« Discounts and approved supplier lists | Main | Our new .eu top level domain »
June 18, 2006
Finding the language preference of a web site visitor
I can (and do) identify the country of origin of over 98% of the visitors to our web site using the maxmind database. But does that tell me what their native language is? No - it only gives me a clue.
A further clue is available from the accept-language header that's returned by browsers, and is available in PHP in the variable $_SERVER[HTTP_ACCEPT_LANGUAGE]. With this variable, your web site can check if the user has expressed a language preference (and perhaps given a second and third choice too), and you can use the information to tailor your response as appropriate.
I've put up sample source code and a working demonstration on our web site. I've also added a page reporting language statistics for our own site ... only a very short data sample on there today, but as from tomoorow it will update daily with a 24 hour report.
Some surpises ... I would expect to find most major European countries choosing their own langauges, with Swiss visitors choosing between German, Italian and English. The first tests I ran, though, gave me a series of pages called up from the USA with a first choice language of Korean. Truly, the world is a global market.
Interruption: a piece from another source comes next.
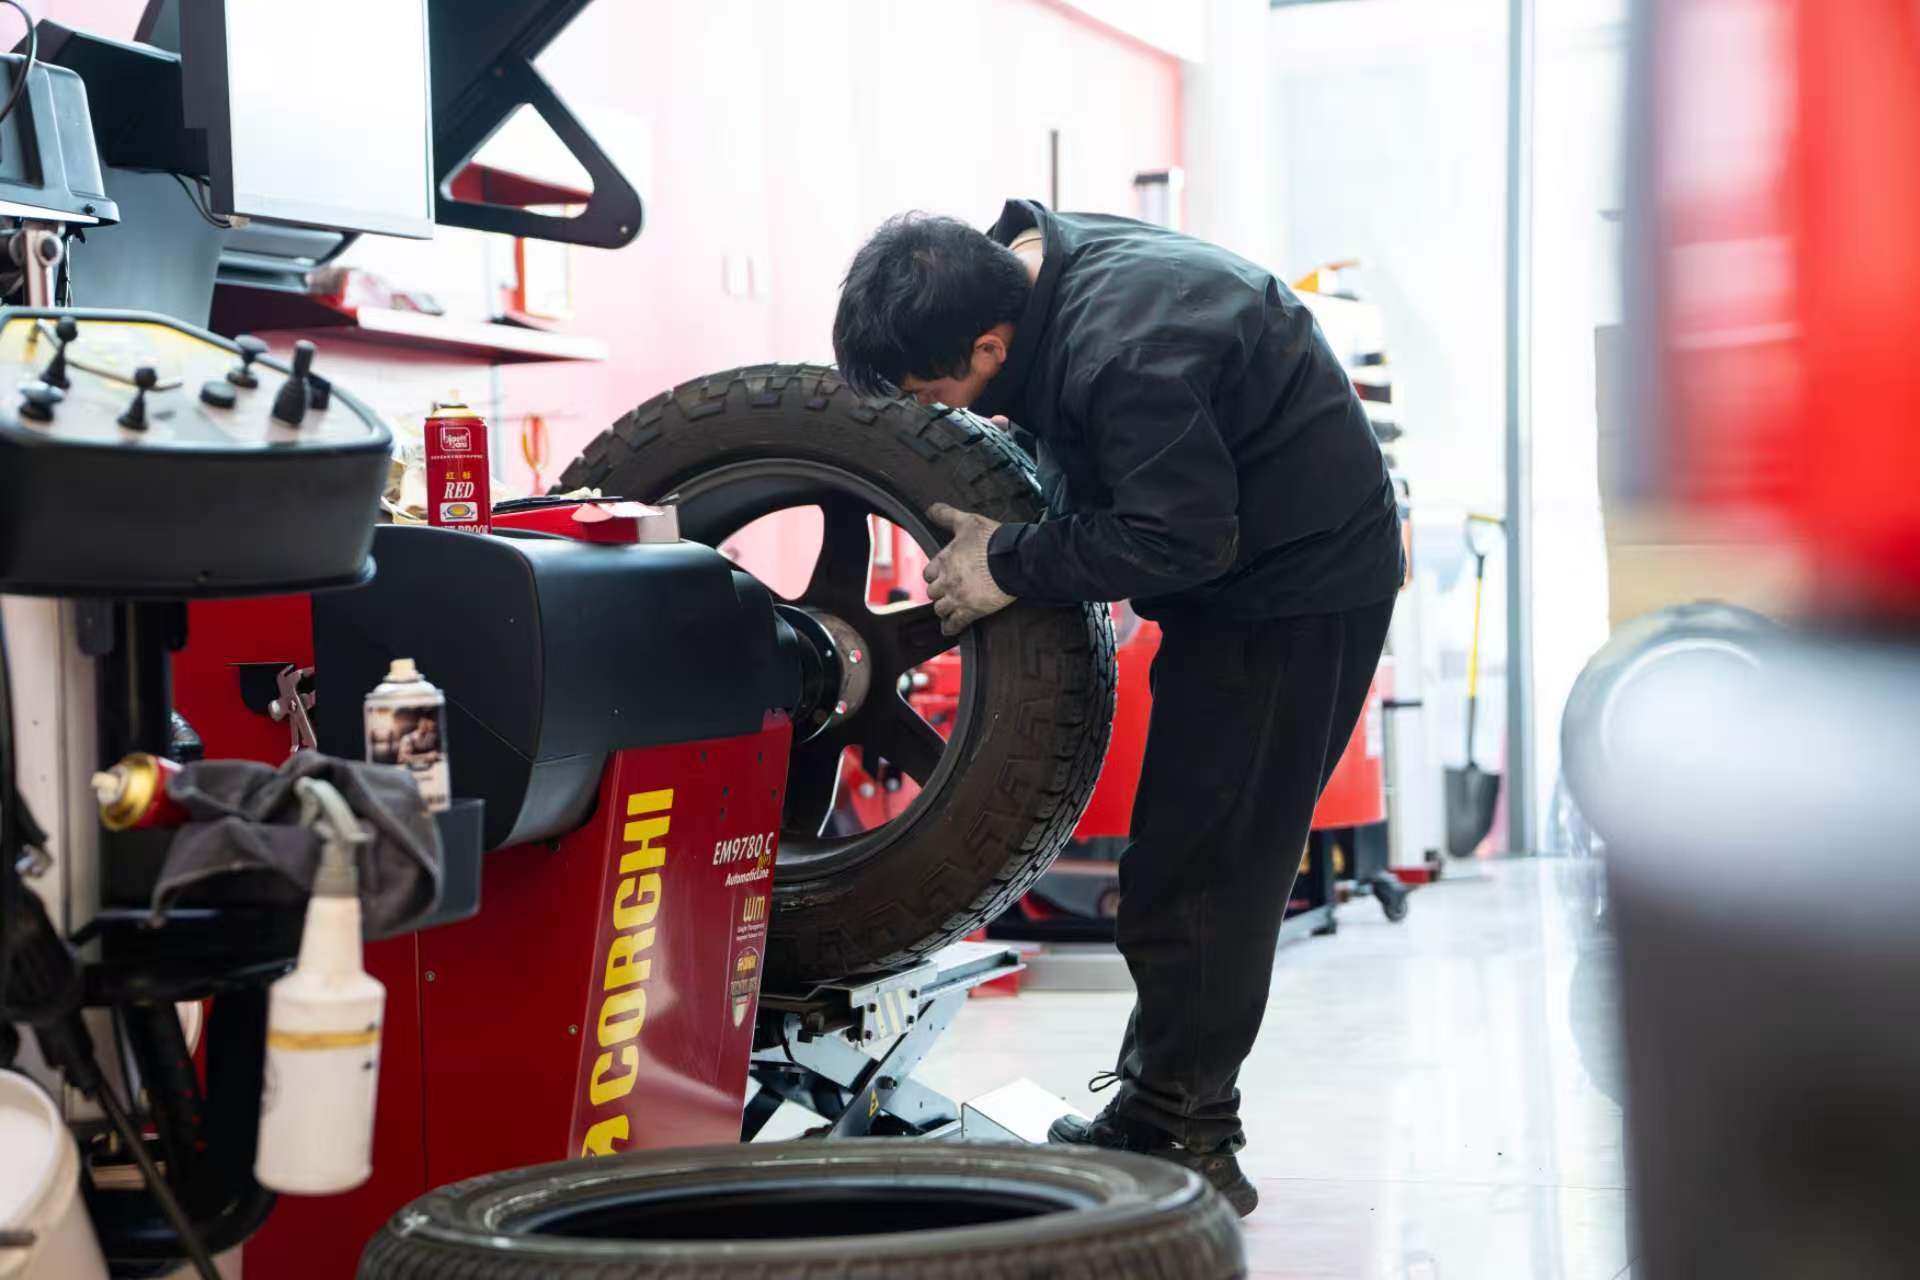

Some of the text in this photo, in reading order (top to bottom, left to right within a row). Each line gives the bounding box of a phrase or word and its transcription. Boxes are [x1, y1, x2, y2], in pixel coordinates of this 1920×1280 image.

Posted by gje at June 18, 2006 07:17 AM
Comments
A few days "in" and I've been reviewing the statistics generated by this page from out site. Although 99% of UK visitors who express a preference expressed it for English, we've also had visits from the UK looking for pages in French, German, Greek, Chinese, Swedish, Dutch and Hungarian all in the last 24 hours.
It's also very interesting to note the spread of language requests from countries such as Canada and Belgium where there are several official languages, and to see communities all around the world using the web to search for material in their own native language.